MATERIAL FOR THIS TASK ->
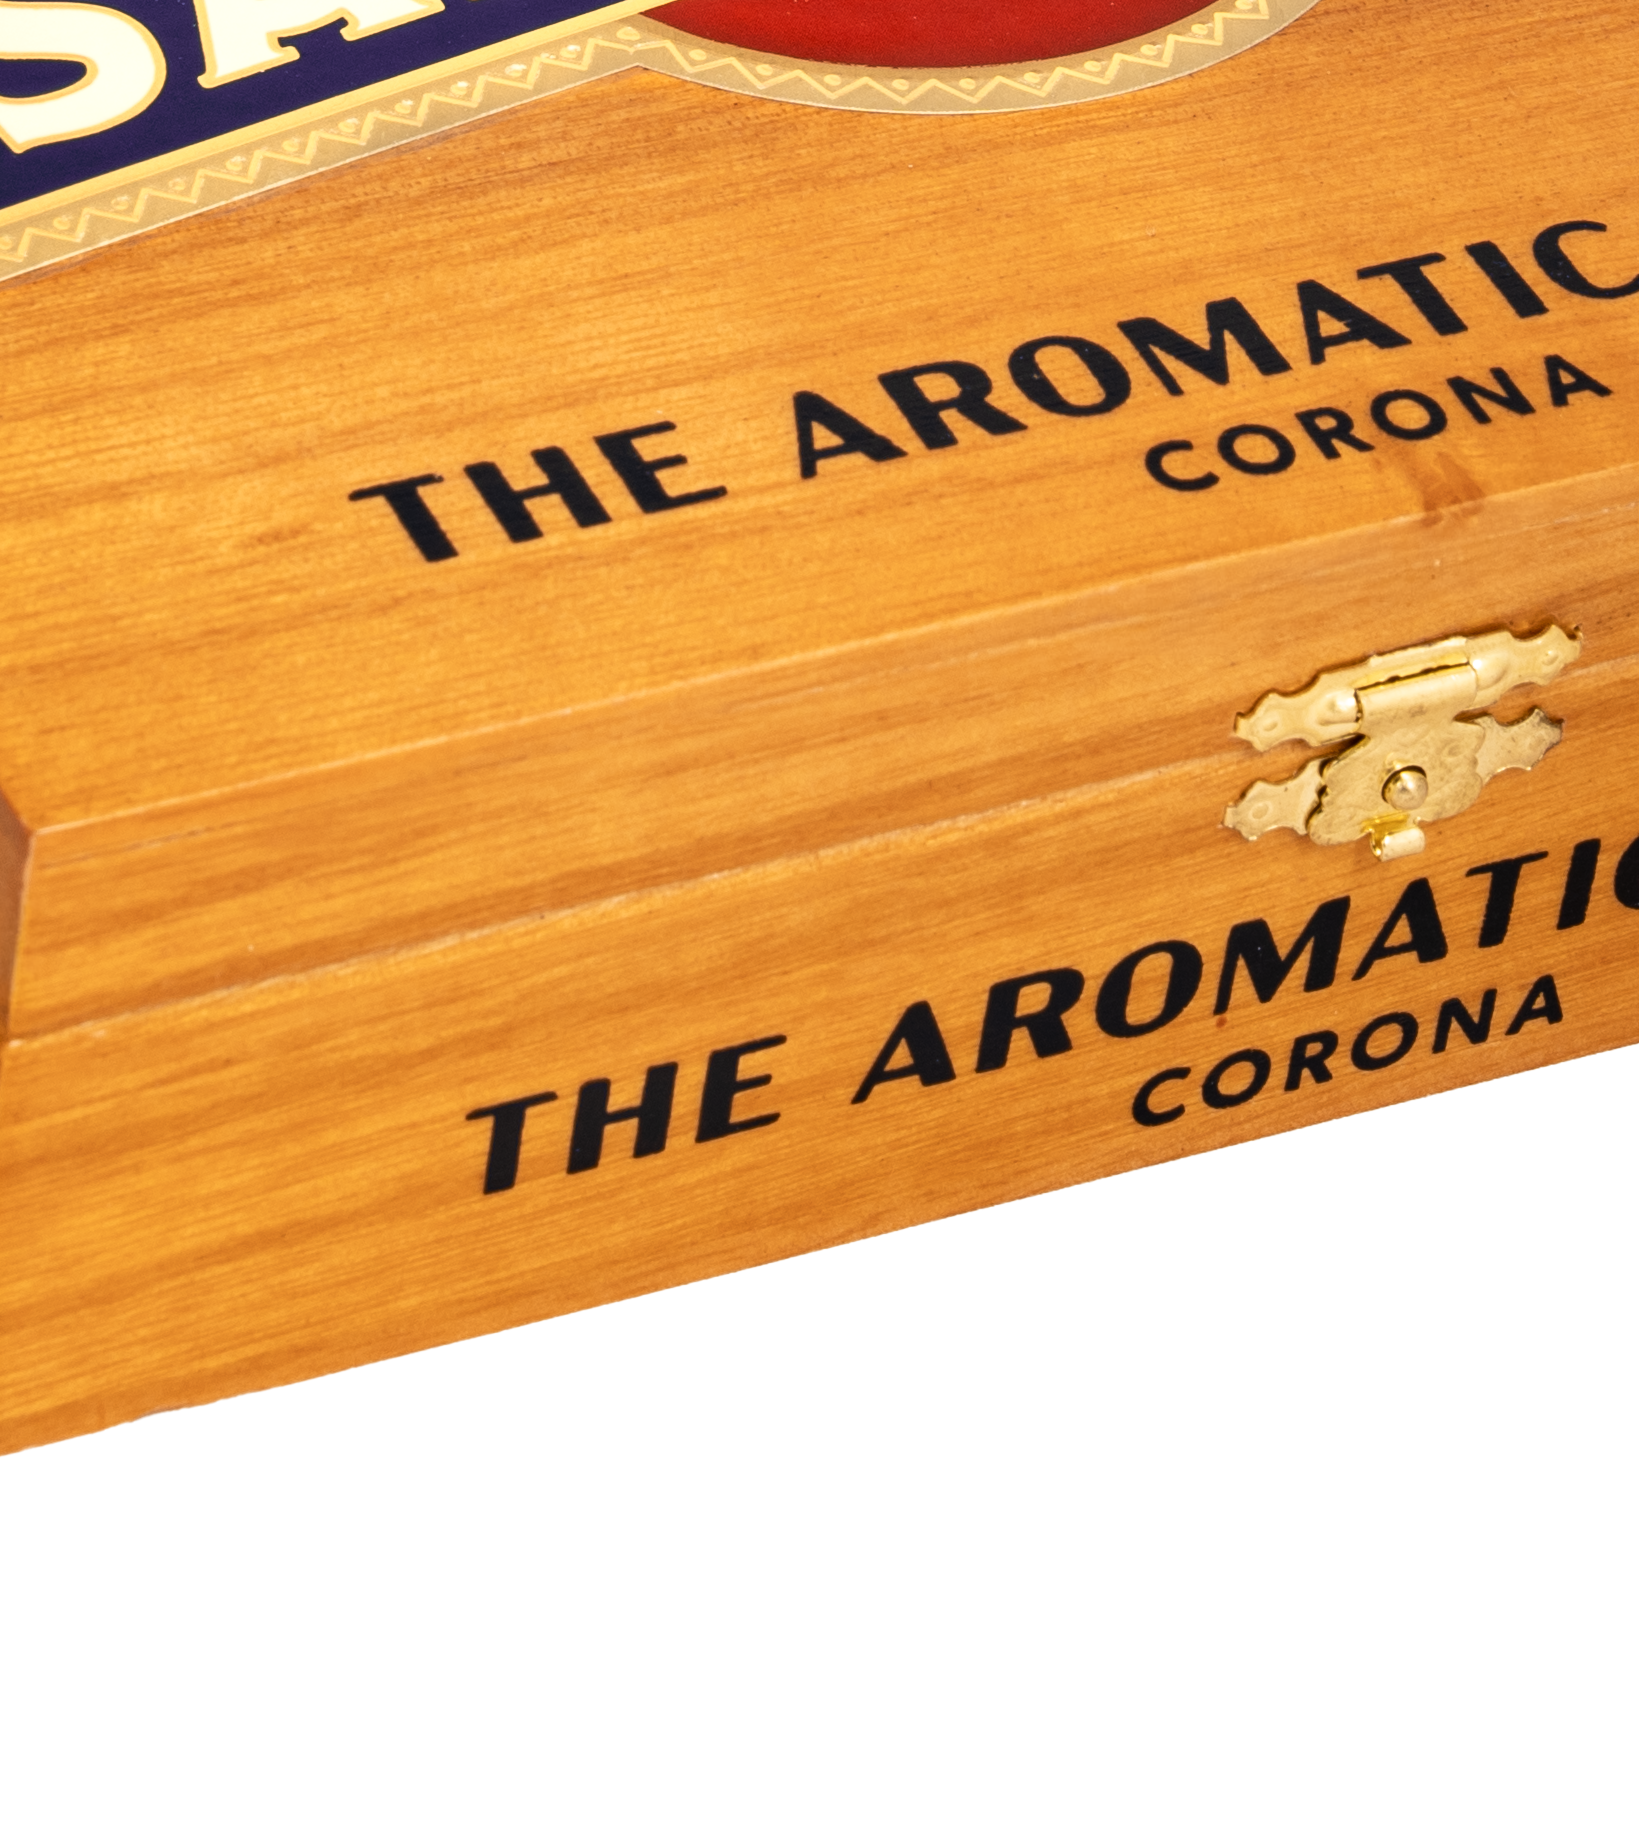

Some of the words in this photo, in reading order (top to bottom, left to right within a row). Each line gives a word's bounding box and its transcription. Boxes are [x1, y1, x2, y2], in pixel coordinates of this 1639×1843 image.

[348, 422, 727, 562] THE
[1145, 355, 1612, 491] CORONA
[466, 1035, 786, 1195] THE
[1131, 974, 1563, 1127] CORONA
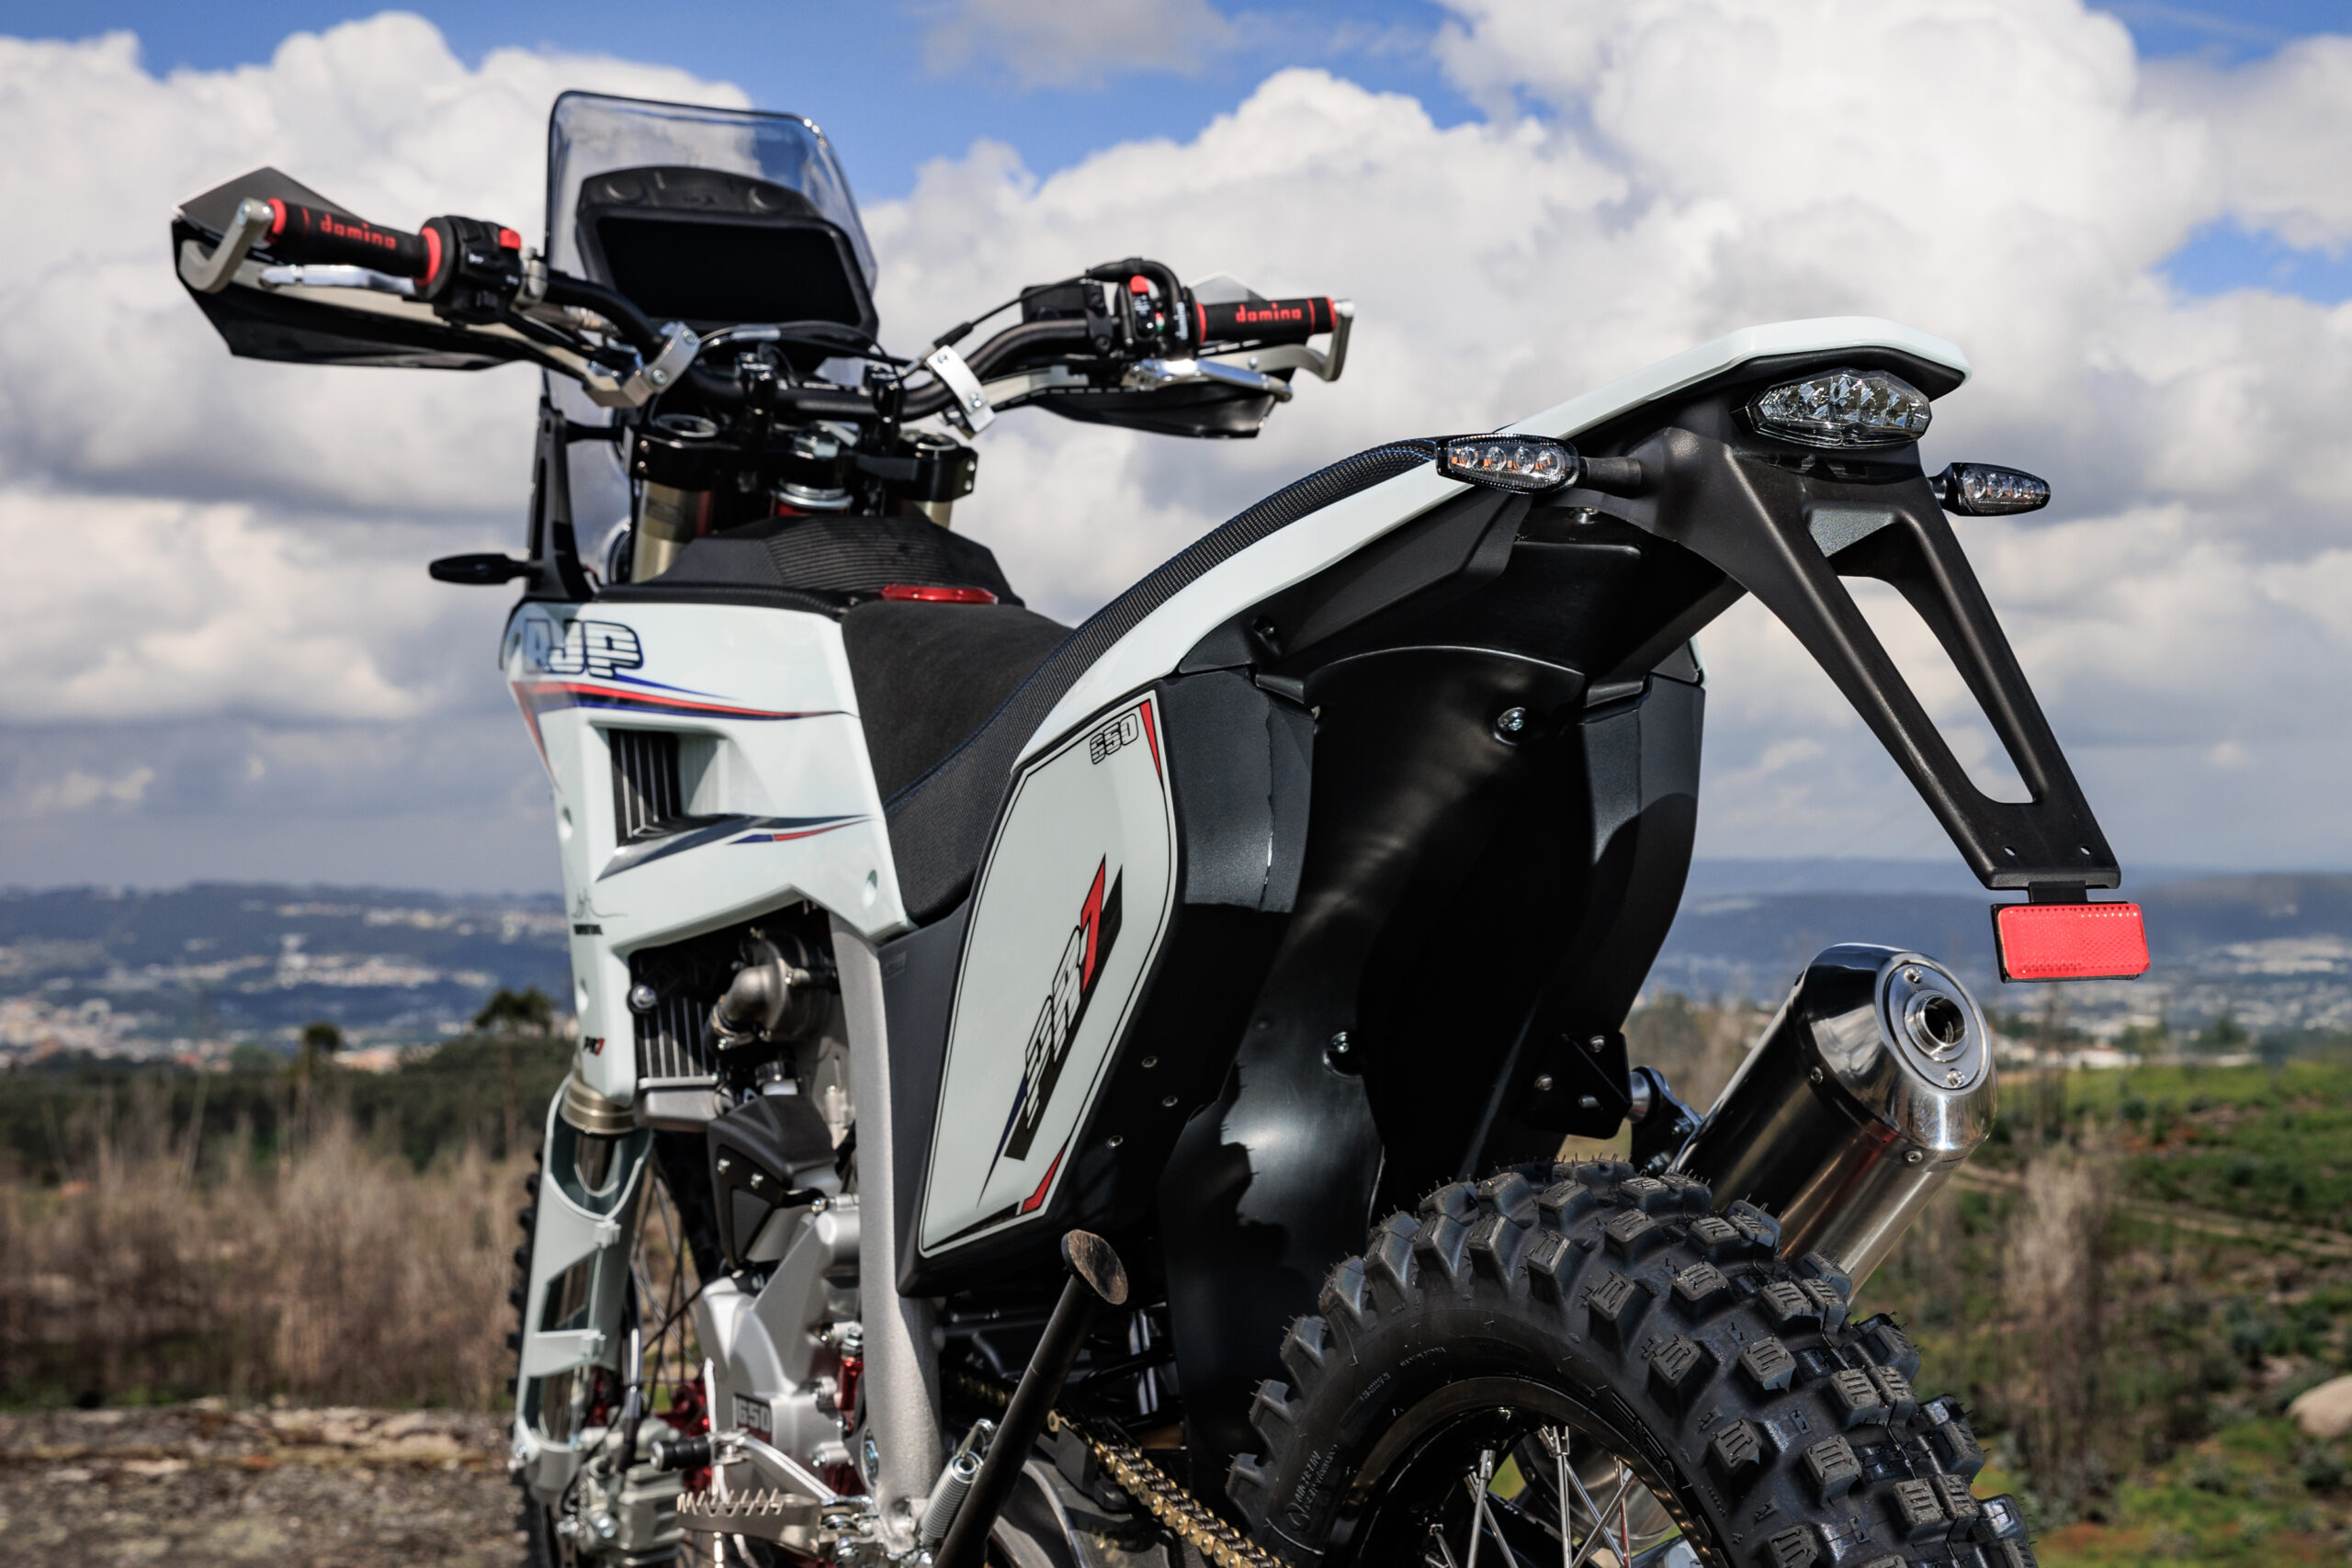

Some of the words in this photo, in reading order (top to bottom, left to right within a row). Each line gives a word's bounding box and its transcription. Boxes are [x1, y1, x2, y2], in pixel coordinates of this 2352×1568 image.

[320, 212, 396, 250] domino
[1235, 301, 1302, 322] domino
[522, 618, 644, 680] AJP
[1024, 851, 1106, 1131] PR7
[736, 1397, 772, 1433] 650
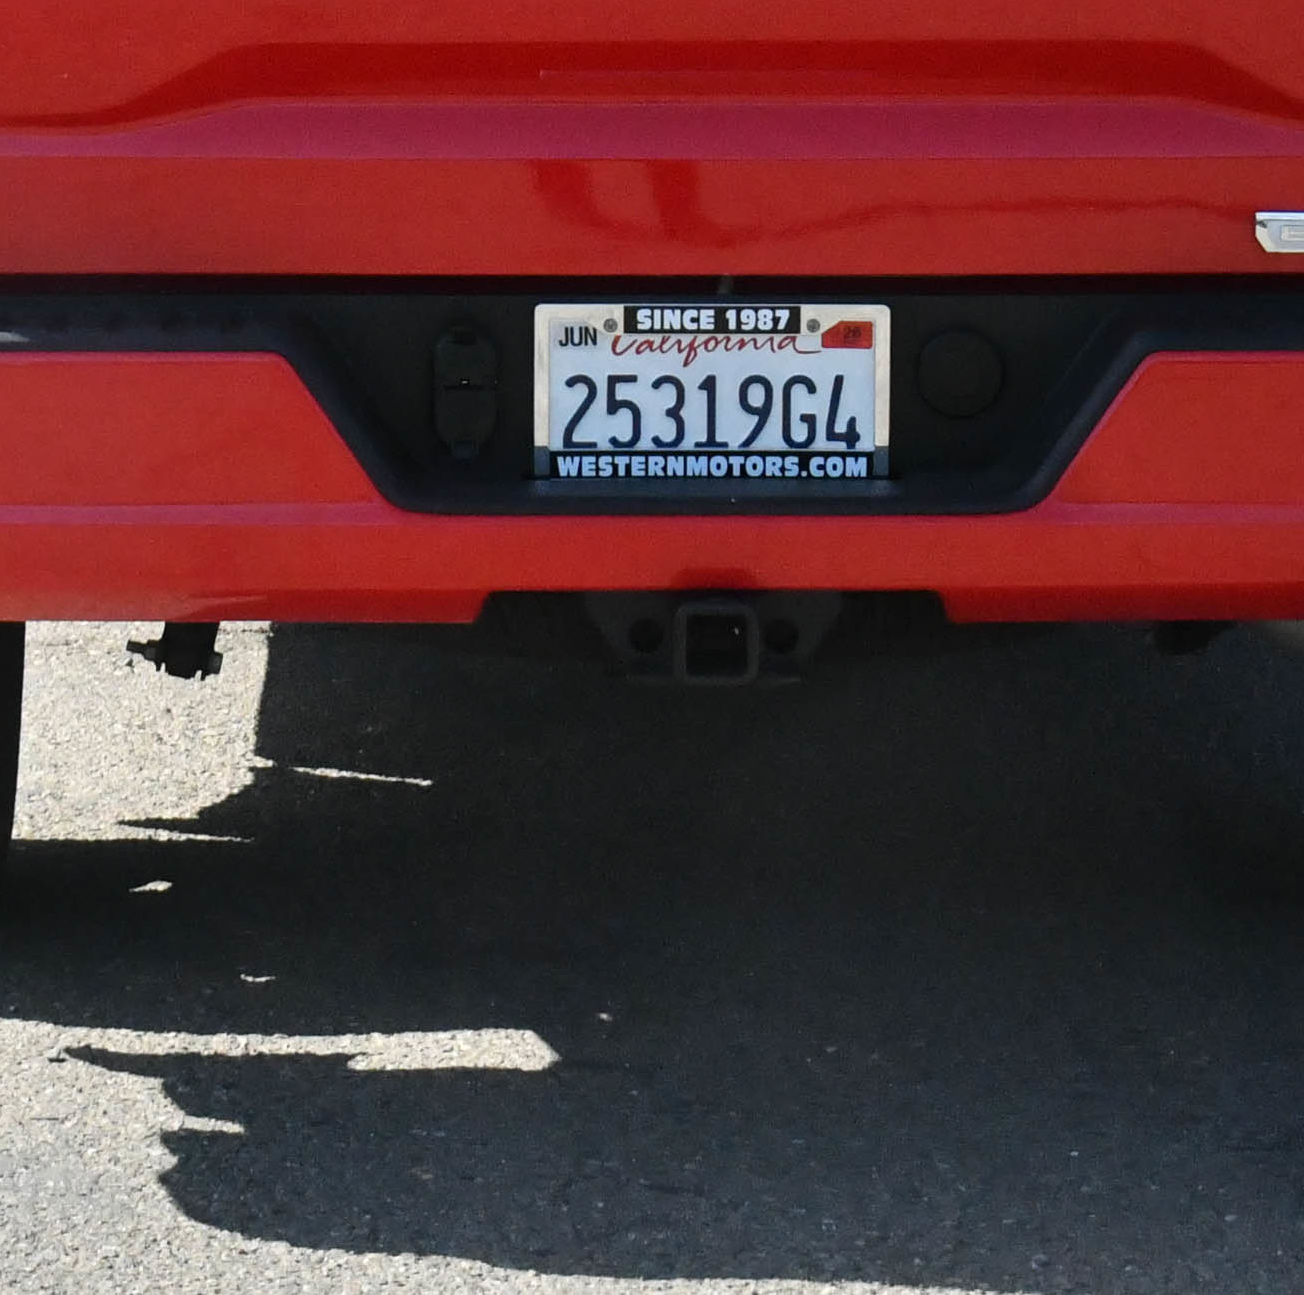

WHAT IS EXPECTED ->
An exact reproduction of every record above is required, with no pictures included.

YOUR RESPONSE ->
Some of the words in this photo, in reading order (top to bottom, left to right within a row). Each line gives a word's bounding box and its transcription. Boxes are [x1, y1, x2, y2], in pixel coordinates of this 1639×1843 image.

[348, 422, 727, 562] THE
[1145, 355, 1612, 491] CORONA
[466, 1035, 786, 1195] THE
[1131, 974, 1563, 1127] CORONA

Some of the words in this photo, in reading order (top to bottom, left to right within a row). Each line gives a word's bounding box and its transcription. Boxes are [x1, y1, x2, y2], in pixel coordinates of this 2352×1568 image.

[320, 212, 396, 250] domino
[1235, 301, 1302, 322] domino
[522, 618, 644, 680] AJP
[1024, 851, 1106, 1131] PR7
[736, 1397, 772, 1433] 650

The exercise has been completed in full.